Et ces images sont comme les thèmes musicaux, les catacombes du coeur de Cio-Cio-San : séparation du couple dès l’invitation nuptiale, ciel de Toussaint à l’heure vespérale où l’attente devient insupportable, fleurs cueillies dans un jardin devenu squelettique et qui deviennent un cimetière d’illusions dans un Golgotha lugubre. Le plus étonnant, c’est bien l’adéquation parfaite obtenue avec ce que dit la musique de Puccini.

Faut-il ajouter que tout cela n’aurait qu’une vérité d’ectoplasme si des chanteurs/comédiens remarquables ne venaient habiter ce temps d’attente humainement désertique et le nourrir de leur sève charnelle. Tatiana Monogarova, pour ne citer qu’elle, est une soprano à la voix d’absolue vérité – rares sont les cantatrices dont la voix, à ce point, a la justesse de ce qu’elle incarne – qui ira jusqu’à se fracasser volontairement au dernier acte dans les accords cuivrés déchirants à à qui Pascal Verrot donne une force tellurique de fin du monde et dont l’harmonie tordue est digne du Schnittke des années 70 !

Michel HUVET





mercredi 29 septembre 2010

Orchestre Dijon Bourgogne : Illuminations


On se pince pour dire qu’on ne rêve pas : la saison nouvelle de l’Orchestre Dijon Bourgogne, outre son partenariat résidentiel avec l’Opéra de Dijon qui nous vaut deux merveilles de suite (Puccini, Madama Butterfly et Mahler/Bernstein), est digne des meilleures formations et surtout prometteuse de grande attractivité sur le public et de développement pour une formation née récemment et dont la région Bourgogne avait tant besoin. Le directeur général, Alain Weyssman, ne nous démentira pas, lui a bataillé si longtemps depuis Chalon pour que cette région ait enfin un orchestre digne de sa riche histoire musicale.
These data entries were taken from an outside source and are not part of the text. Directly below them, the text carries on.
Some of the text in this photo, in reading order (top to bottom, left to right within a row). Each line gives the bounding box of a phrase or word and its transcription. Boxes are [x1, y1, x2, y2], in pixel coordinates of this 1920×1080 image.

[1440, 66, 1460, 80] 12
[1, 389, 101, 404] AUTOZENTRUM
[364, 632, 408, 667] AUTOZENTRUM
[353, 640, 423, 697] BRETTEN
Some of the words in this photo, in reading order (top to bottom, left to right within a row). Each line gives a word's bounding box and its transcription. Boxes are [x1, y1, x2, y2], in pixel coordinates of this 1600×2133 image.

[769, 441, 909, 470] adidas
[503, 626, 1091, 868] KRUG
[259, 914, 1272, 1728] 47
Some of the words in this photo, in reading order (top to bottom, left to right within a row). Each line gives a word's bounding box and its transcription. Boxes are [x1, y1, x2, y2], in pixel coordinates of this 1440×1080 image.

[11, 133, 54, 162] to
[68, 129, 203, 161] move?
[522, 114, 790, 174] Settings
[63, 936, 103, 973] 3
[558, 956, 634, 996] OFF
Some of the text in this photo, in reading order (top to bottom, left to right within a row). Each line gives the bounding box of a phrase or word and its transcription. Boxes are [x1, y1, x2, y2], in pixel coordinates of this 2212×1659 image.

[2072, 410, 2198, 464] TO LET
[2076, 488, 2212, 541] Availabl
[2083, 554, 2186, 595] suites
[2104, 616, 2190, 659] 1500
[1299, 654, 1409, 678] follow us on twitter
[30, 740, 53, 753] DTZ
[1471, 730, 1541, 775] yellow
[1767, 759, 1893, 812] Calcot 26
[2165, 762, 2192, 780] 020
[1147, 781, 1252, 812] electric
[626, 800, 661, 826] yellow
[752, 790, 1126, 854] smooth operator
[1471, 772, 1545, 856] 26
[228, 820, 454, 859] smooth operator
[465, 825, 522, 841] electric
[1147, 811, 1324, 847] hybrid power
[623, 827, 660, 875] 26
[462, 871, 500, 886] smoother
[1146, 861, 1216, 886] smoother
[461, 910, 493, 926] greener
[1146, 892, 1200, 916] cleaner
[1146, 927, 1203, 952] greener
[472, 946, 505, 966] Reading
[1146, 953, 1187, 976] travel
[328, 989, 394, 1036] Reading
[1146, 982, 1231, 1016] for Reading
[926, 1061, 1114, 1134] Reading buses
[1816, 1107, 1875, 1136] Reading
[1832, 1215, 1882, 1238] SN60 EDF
J’aime aussi lire, sous la plume de Pascal Verrot, son directeur musical, cet enthousiasmante profession de foi : “L’Orchestre Dion Bourgogne est porteur d’un fort potentiel de développement (…) L’heure est venue de formuler des voeux pour que ces rêves deviennent un jour réalité et pour qu’une pratique d’orchestre puisse épanouir et enrichir par ses illuminations une rgion qui le mérite”.